**What you will do**
Set down each record that follows exactly. Drop the images.

Excerpts from a dataset
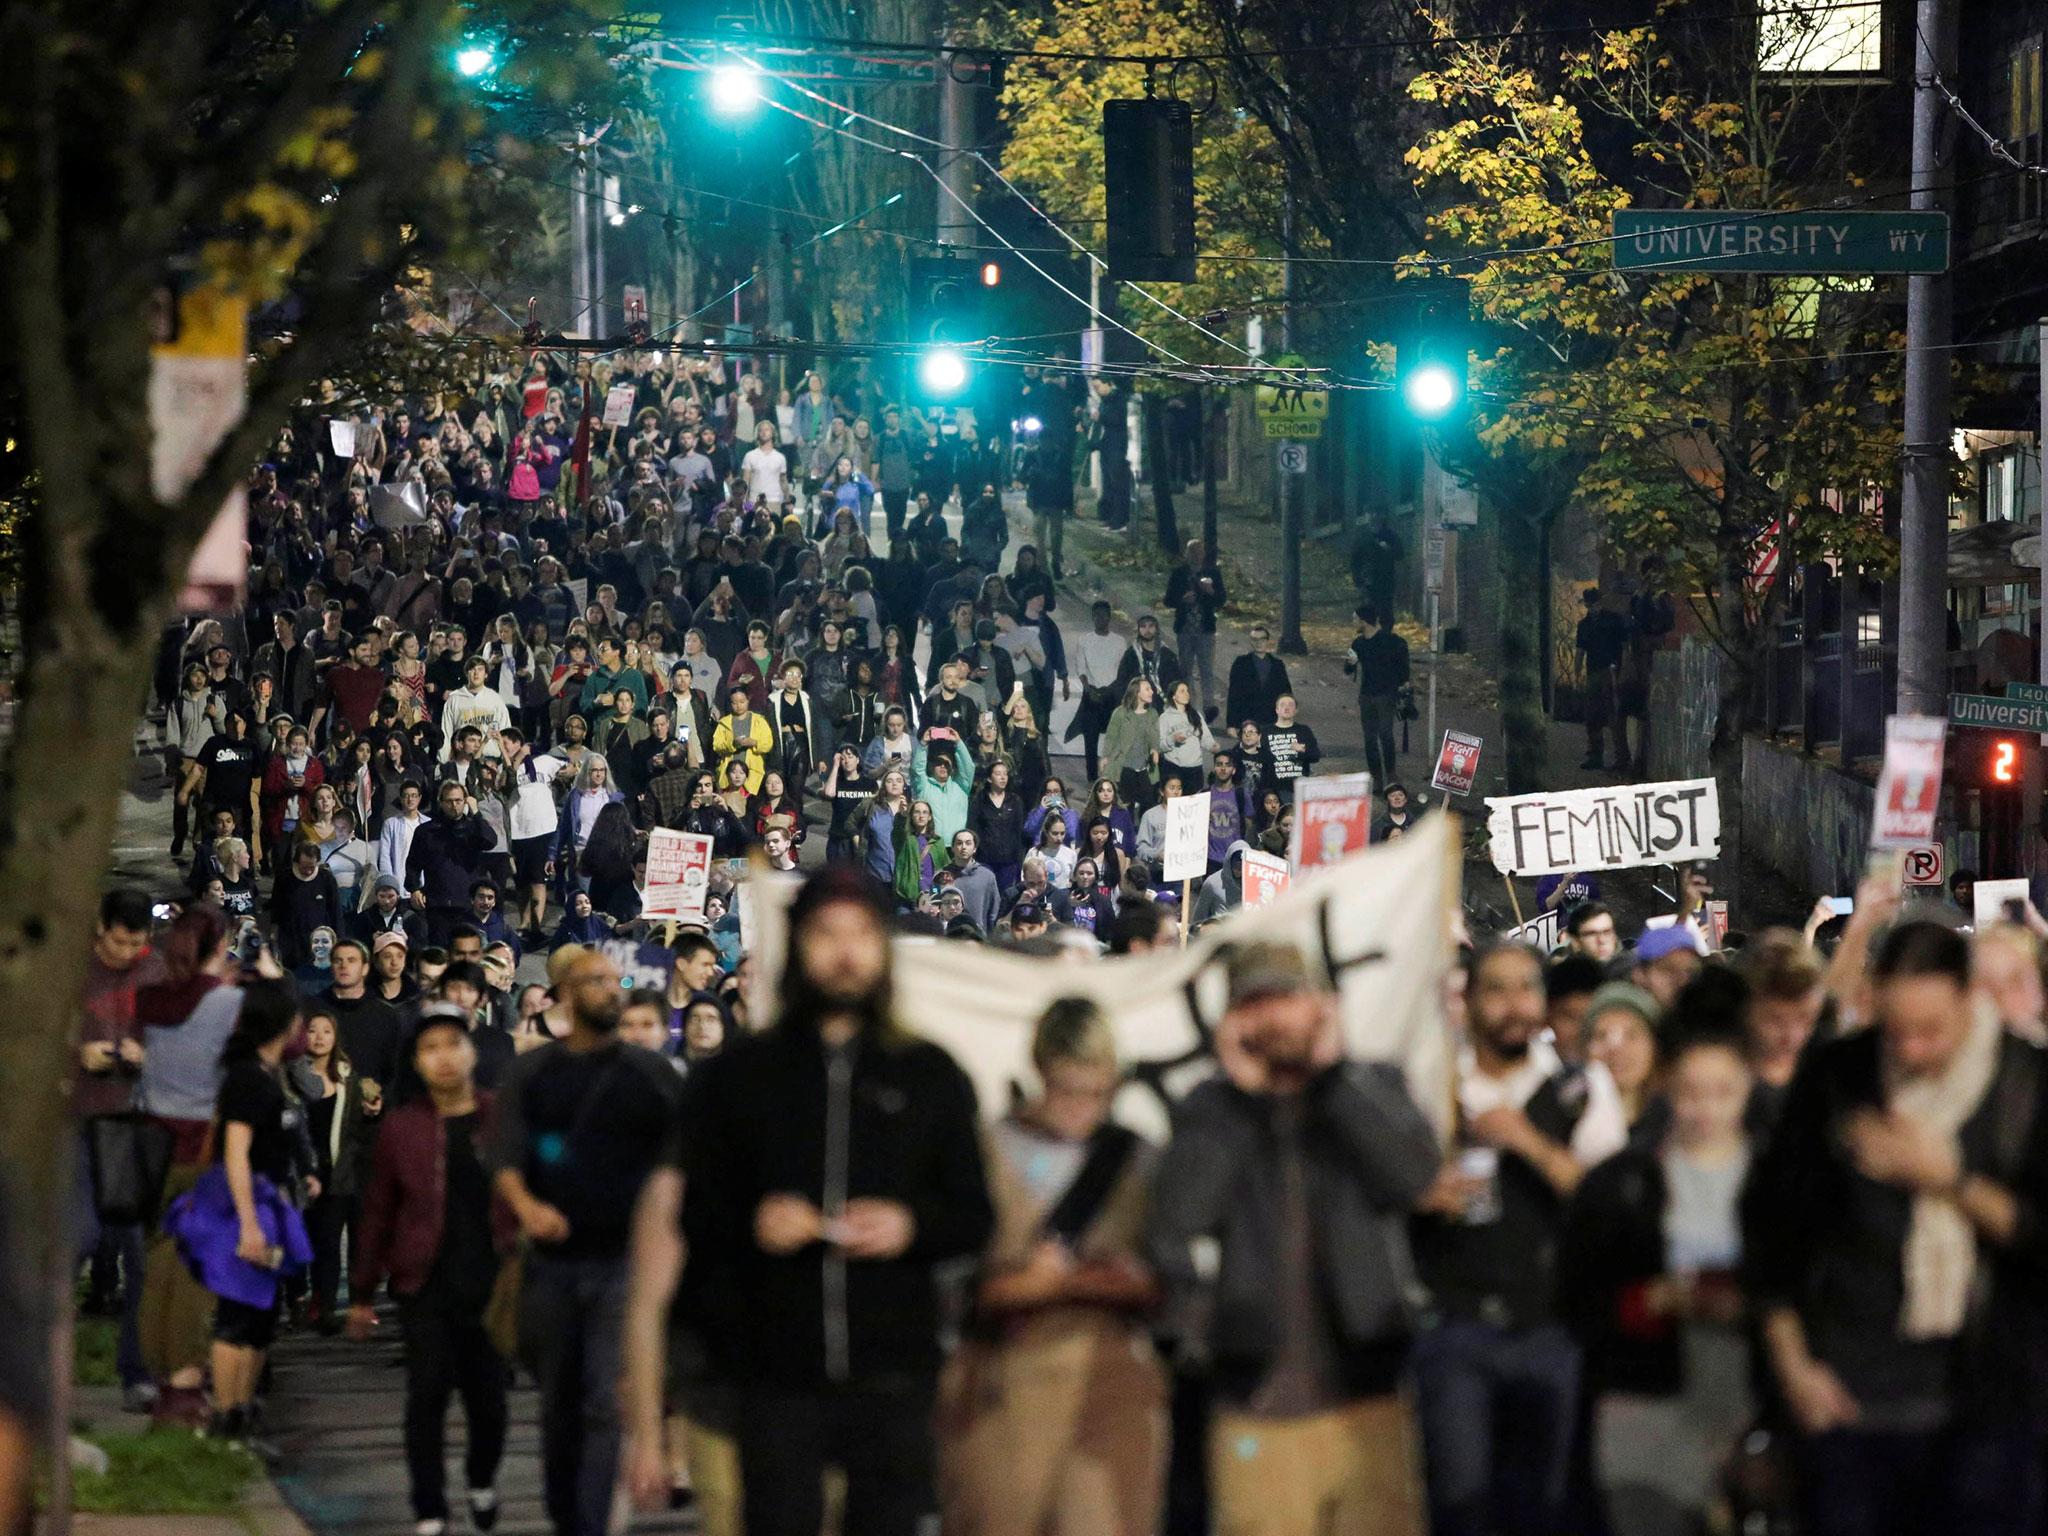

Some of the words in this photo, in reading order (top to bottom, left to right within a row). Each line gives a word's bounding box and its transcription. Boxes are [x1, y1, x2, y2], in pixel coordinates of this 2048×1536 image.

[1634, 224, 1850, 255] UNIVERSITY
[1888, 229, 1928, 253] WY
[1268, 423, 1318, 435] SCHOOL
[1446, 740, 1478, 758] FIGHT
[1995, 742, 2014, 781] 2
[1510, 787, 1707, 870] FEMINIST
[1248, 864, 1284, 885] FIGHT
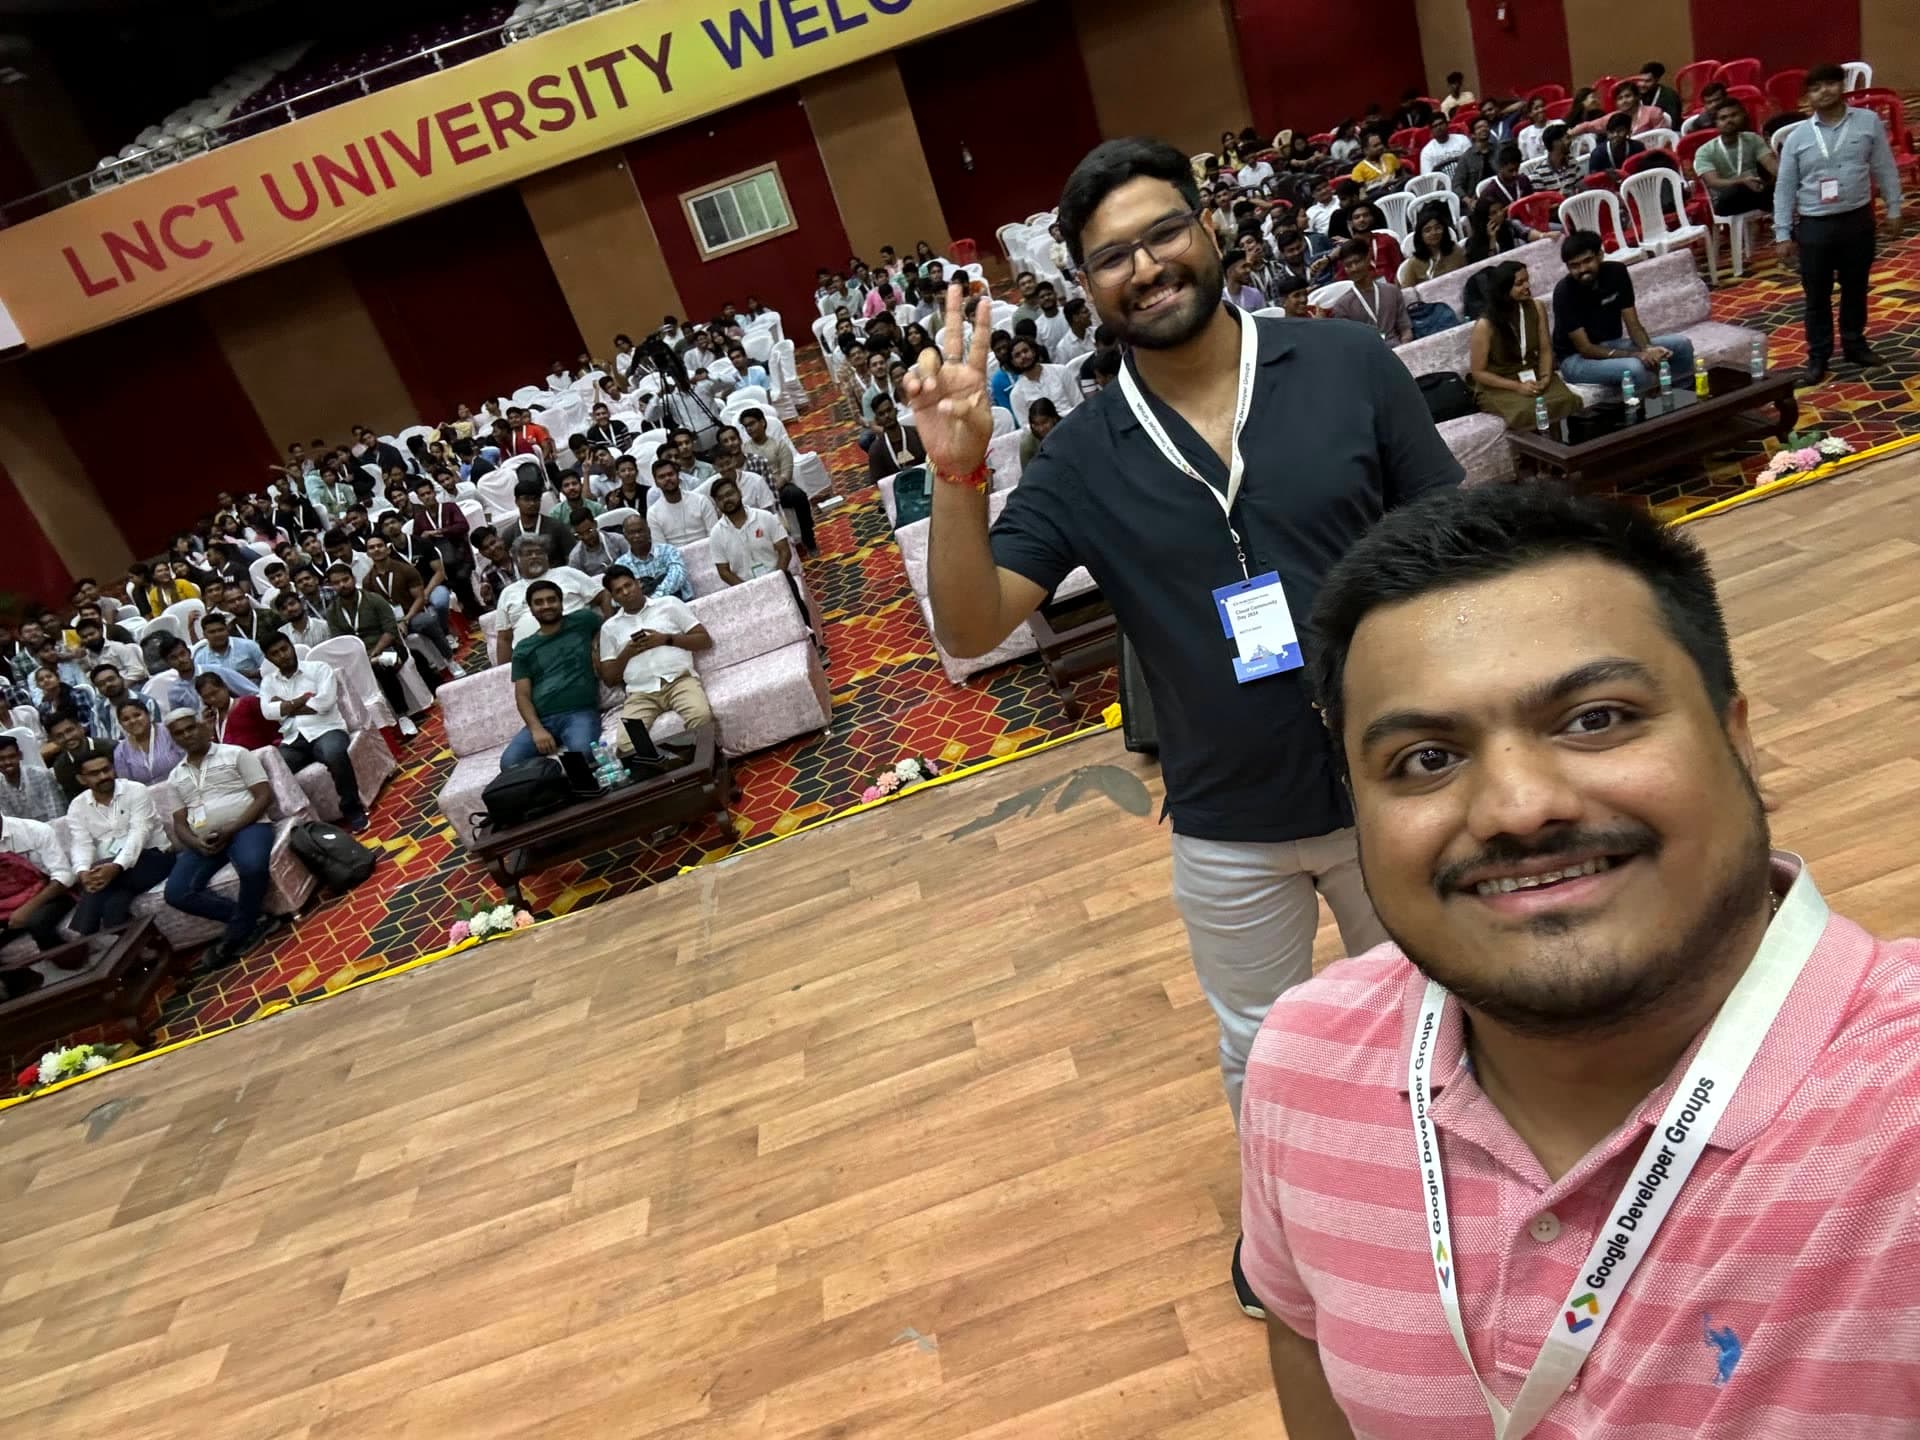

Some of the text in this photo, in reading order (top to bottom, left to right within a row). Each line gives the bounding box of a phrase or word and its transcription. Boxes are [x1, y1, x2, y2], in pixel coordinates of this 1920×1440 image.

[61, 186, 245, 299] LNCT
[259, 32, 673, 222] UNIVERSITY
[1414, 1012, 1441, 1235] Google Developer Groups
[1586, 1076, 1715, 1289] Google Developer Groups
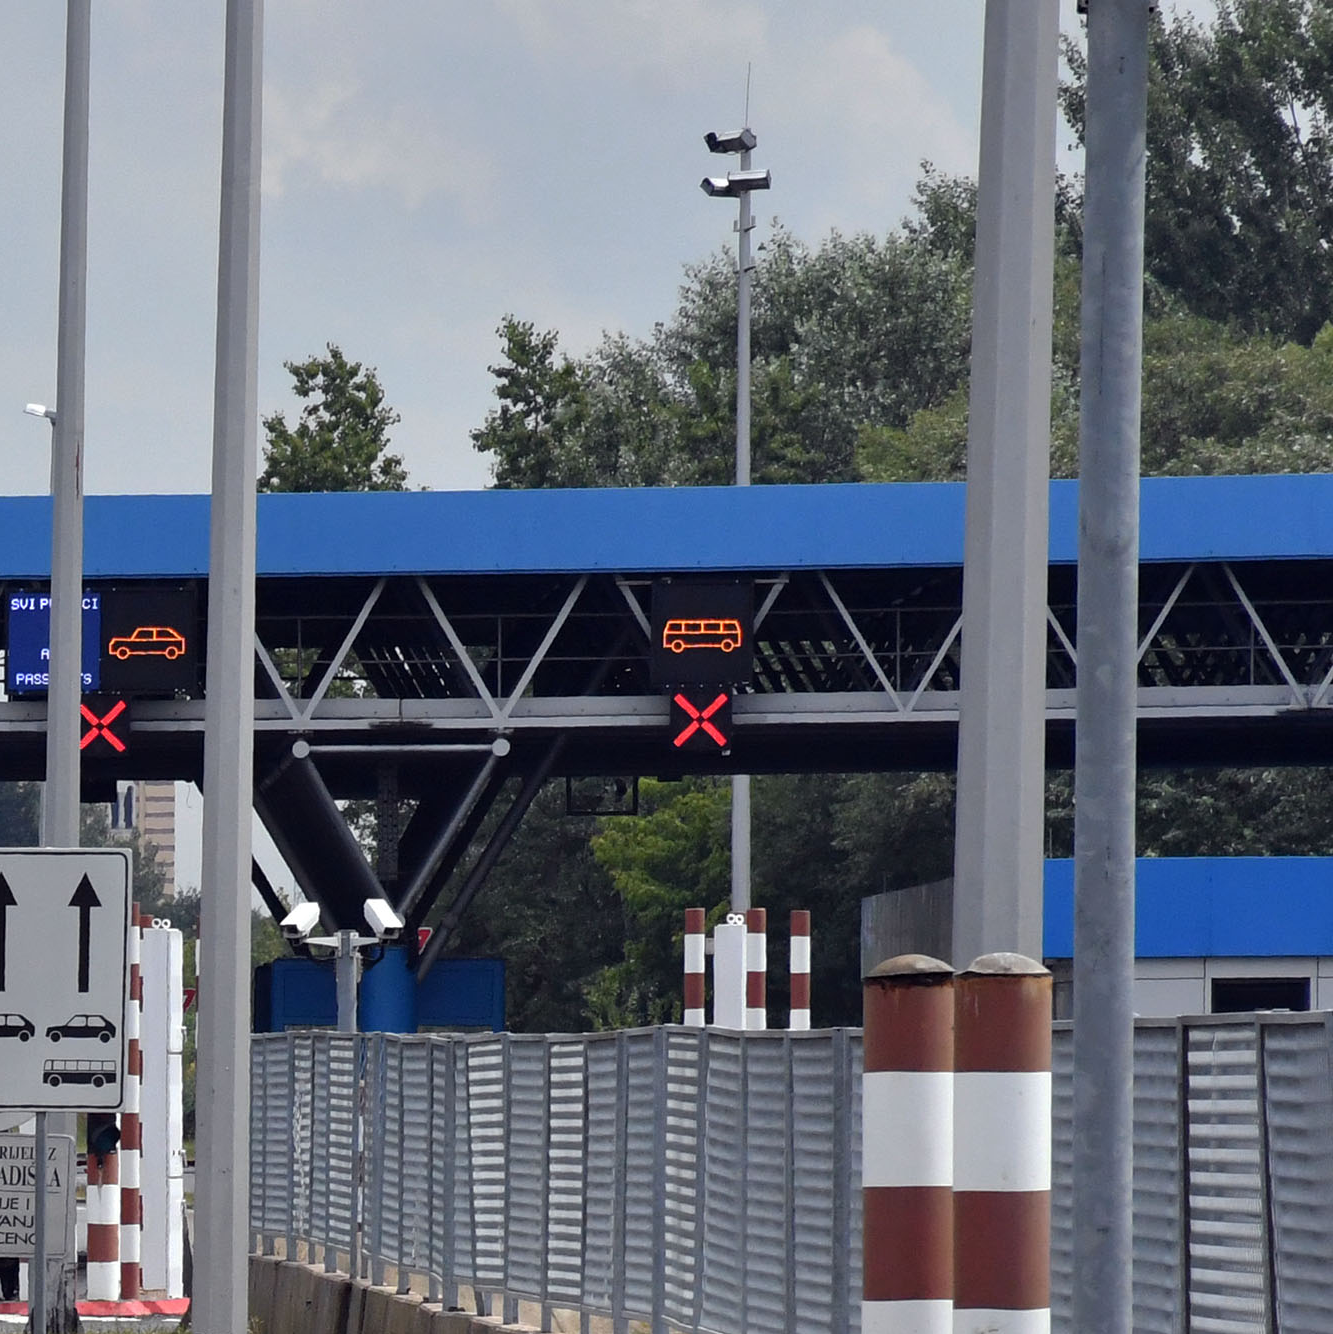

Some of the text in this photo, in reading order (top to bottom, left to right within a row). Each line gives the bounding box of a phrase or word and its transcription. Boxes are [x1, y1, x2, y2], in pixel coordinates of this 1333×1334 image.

**Task answer**
Some of the words in this photo, in reading order (top to bottom, left to right within a row). Each line gives a word's bounding box and its transcription. Boxes are [x1, y1, x2, y2], in pixel coordinates of this 2048×1536 image.

[1634, 224, 1850, 255] UNIVERSITY
[1888, 229, 1928, 253] WY
[1268, 423, 1318, 435] SCHOOL
[1446, 740, 1478, 758] FIGHT
[1995, 742, 2014, 781] 2
[1510, 787, 1707, 870] FEMINIST
[1248, 864, 1284, 885] FIGHT

Some of the text in this photo, in reading order (top to bottom, left to right within a row). Each line gives the bounding box of a phrase or word and its transcription. Boxes are [x1, y1, x2, y2], in pixel coordinates of this 1920×1440 image.

[61, 186, 245, 299] LNCT
[259, 32, 673, 222] UNIVERSITY
[1414, 1012, 1441, 1235] Google Developer Groups
[1586, 1076, 1715, 1289] Google Developer Groups

Some of the text in this photo, in reading order (top to bottom, left to right within a row). Each line gives the bounding box of a phrase or word and its transcription. Boxes are [x1, y1, x2, y2], in pixel coordinates of this 1333×1334 image.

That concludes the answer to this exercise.